I missed Facebook so I put everyone in the Acquaintances
folder except those who had shown an interest in hearing from me. Now I post to
just those people. Then I took everyone on my Friends list out of my newsfeed except
the few who aren't going to post something to make me cry out of hurt feelings
or sheer frustration. Of course, I care about those people so I hate to miss if
they post about something important like a problem or illness in their family
or they want to share some joy or accomplishment. To me, that’s the purpose of
Facebook. So once-in-a-while I'll pop over to someone's page, scroll through
quickly, and hope not to see something too hurtful. So much for *hope*. :(
I suppose you might say that those people might feel the
same about the things I post. Good point. I'm not going to claim that
everything I post is logical or true. It is to the best of my knowledge but I
could be wrong which is why I've asked again and again for such to be pointed
out. I'm not going to be angry if someone shows me I'm wrong. I want to know
when I’m wrong. Here is a guide for responding:
Unacceptable: "your a dum ass
this stupid".
Unacceptable: ::scrolling by while getting offended, angry,
hurt, or such; and then fuming or fussing to yourself or others about what a
dum ass [sic] I am::
Acceptable: "I don't agree. Have you seen this report?
From what I've read___________________________." My response to that might
possibly be that I have read that report and we can discuss why we have such
differing views of the same information. On the other hand, I might say,
"No, I haven't seen that. I’ll go read it and get back with you." and
then check that report and do a little more research and thought before
responding in an equally polite and respectful manner. If things progress as
they should between intelligent people, a conversation would ensue that would
be thoughtful and interesting. Maybe others would join in with their
well-reasoned comments and information. Someone may be swayed to change his or
her mind. Or not. At least the topic was discussed in a reasonable and
respectful manner.
Bottom line: It’s okay to disagree; it’s not okay to be disrespectful.

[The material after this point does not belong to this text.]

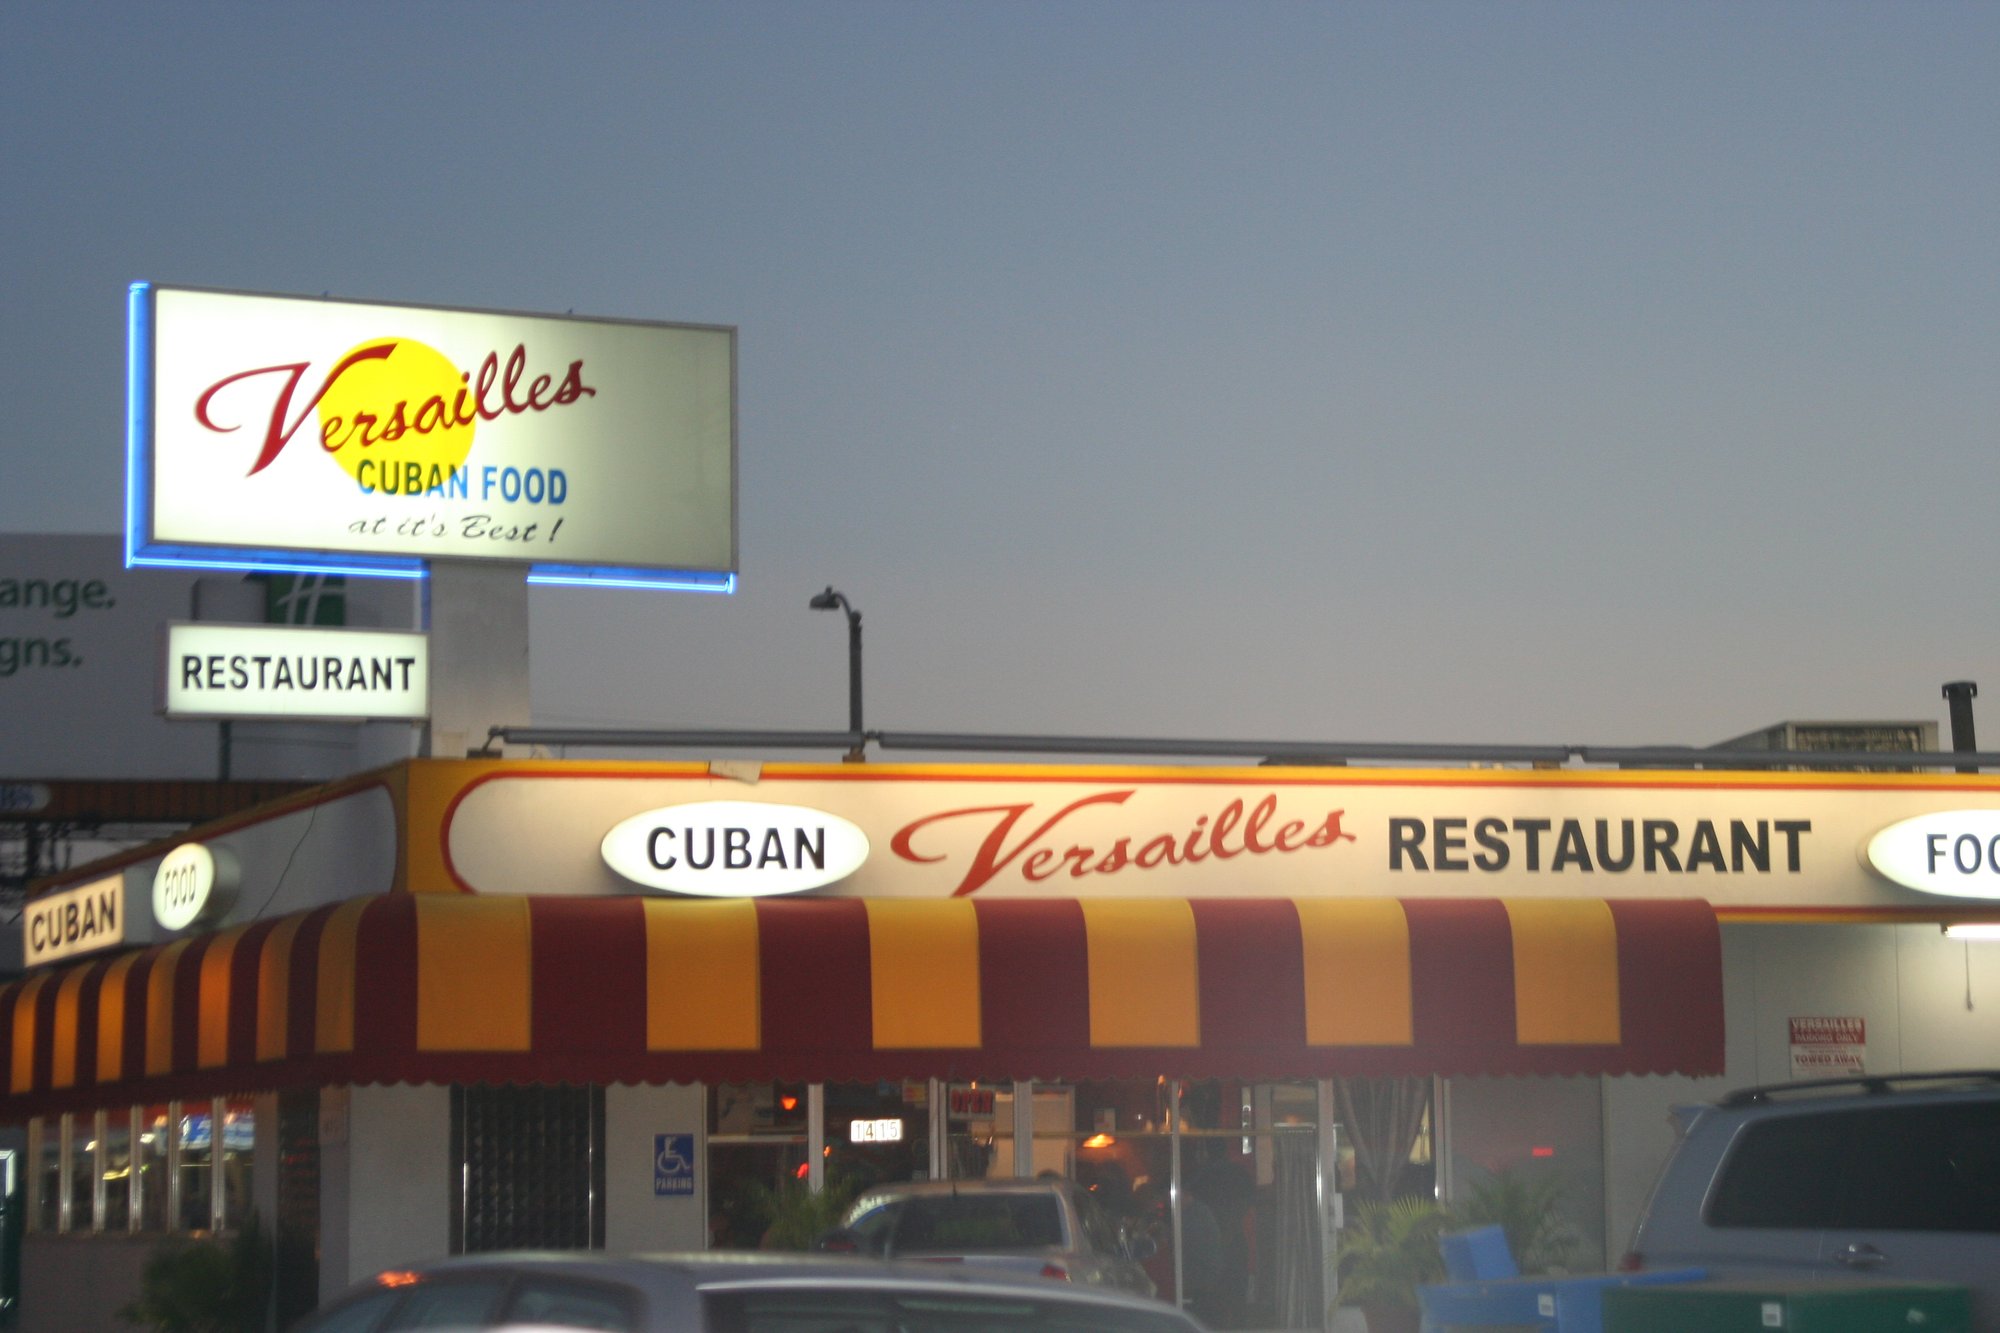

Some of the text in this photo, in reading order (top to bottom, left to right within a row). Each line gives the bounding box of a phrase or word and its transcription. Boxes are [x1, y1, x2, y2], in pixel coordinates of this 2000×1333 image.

I *want* to know if I'm wrong so I’ve assumed this was true
for everyone else. Sadly, I’ve reached the conclusion that most people don’t
want to hear anything that conflicts with their baseless opinion. It’s
usually not even something they’ve thought about and typed an opinion. Usually,
it’s those memes that go around that rudely express an opinion and tell you to
keep scrolling if you don’t agree because they don’t care who they offend. It’s
sad, really. Because I’d want to know the truth, many times I've tried to bring
about a conversation about something someone posted but lately I’ve reached the
realization that no matter what anyone tells them they'll continue to believe
they're right.
It absolutely amazes me to have talked about a thing, giving
facts, logic, and my POV and asking for discussion on the matter only to have
the same hurtful bullshit posted again by
the same person. Ignoring *facts and logic* is bad enough but when I tell
someone that their derogatory remarks about me and how what they’re saying
isn’t even true, that it hurts me that they think such about me when they know
and supposedly care about me, and they post the same tired old meme again, I
just want to cry. Sometimes I do cry and I wonder what they’d think if they
knew that. Oh. I already told them. :(
That is all. Earthchild has spoken and now awaits your
comments.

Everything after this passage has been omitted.